» **LISTED ENTRIES**
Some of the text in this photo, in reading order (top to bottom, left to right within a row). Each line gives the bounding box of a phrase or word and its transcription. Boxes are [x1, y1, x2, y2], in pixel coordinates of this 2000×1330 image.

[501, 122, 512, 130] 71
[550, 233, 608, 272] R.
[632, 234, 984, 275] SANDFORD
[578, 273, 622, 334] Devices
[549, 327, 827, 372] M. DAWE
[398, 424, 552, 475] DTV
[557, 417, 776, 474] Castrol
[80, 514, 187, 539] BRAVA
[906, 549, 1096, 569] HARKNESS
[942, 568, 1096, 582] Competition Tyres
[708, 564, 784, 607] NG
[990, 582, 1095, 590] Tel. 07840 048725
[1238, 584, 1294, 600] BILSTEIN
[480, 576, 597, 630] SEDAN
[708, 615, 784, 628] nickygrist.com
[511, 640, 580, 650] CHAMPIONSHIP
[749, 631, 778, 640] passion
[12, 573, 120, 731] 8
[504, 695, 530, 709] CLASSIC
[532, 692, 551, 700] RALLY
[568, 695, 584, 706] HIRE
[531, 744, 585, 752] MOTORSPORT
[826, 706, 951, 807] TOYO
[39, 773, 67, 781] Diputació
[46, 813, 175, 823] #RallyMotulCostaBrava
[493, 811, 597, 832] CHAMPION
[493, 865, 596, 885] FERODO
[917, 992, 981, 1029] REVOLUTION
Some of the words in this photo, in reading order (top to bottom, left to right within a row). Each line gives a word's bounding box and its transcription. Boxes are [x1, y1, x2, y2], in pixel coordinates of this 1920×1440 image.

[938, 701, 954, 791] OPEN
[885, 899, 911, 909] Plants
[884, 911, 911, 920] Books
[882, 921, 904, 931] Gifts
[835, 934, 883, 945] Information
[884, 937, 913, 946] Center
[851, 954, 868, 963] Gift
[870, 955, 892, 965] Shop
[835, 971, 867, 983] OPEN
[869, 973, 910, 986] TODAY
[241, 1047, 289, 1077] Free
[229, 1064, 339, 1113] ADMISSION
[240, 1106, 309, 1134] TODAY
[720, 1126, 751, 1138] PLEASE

» **EXERCISE DIRECTIONS**
Each entry above should be written again exactly.

» **RESULT OF THIS TASK**
Some of the text in this photo, in reading order (top to bottom, left to right within a row). Each line gives the bounding box of a phrase or word and its transcription. Boxes are [x1, y1, x2, y2], in pixel coordinates of this 2000×1330 image.

[501, 122, 512, 130] 71
[550, 233, 608, 272] R.
[632, 234, 984, 275] SANDFORD
[578, 273, 622, 334] Devices
[549, 327, 827, 372] M. DAWE
[398, 424, 552, 475] DTV
[557, 417, 776, 474] Castrol
[80, 514, 187, 539] BRAVA
[906, 549, 1096, 569] HARKNESS
[942, 568, 1096, 582] Competition Tyres
[708, 564, 784, 607] NG
[990, 582, 1095, 590] Tel. 07840 048725
[1238, 584, 1294, 600] BILSTEIN
[480, 576, 597, 630] SEDAN
[708, 615, 784, 628] nickygrist.com
[511, 640, 580, 650] CHAMPIONSHIP
[749, 631, 778, 640] passion
[12, 573, 120, 731] 8
[504, 695, 530, 709] CLASSIC
[532, 692, 551, 700] RALLY
[568, 695, 584, 706] HIRE
[531, 744, 585, 752] MOTORSPORT
[826, 706, 951, 807] TOYO
[39, 773, 67, 781] Diputació
[46, 813, 175, 823] #RallyMotulCostaBrava
[493, 811, 597, 832] CHAMPION
[493, 865, 596, 885] FERODO
[917, 992, 981, 1029] REVOLUTION
Some of the words in this photo, in reading order (top to bottom, left to right within a row). Each line gives a word's bounding box and its transcription. Boxes are [x1, y1, x2, y2], in pixel coordinates of this 1920×1440 image.

[938, 701, 954, 791] OPEN
[885, 899, 911, 909] Plants
[884, 911, 911, 920] Books
[882, 921, 904, 931] Gifts
[835, 934, 883, 945] Information
[884, 937, 913, 946] Center
[851, 954, 868, 963] Gift
[870, 955, 892, 965] Shop
[835, 971, 867, 983] OPEN
[869, 973, 910, 986] TODAY
[241, 1047, 289, 1077] Free
[229, 1064, 339, 1113] ADMISSION
[240, 1106, 309, 1134] TODAY
[720, 1126, 751, 1138] PLEASE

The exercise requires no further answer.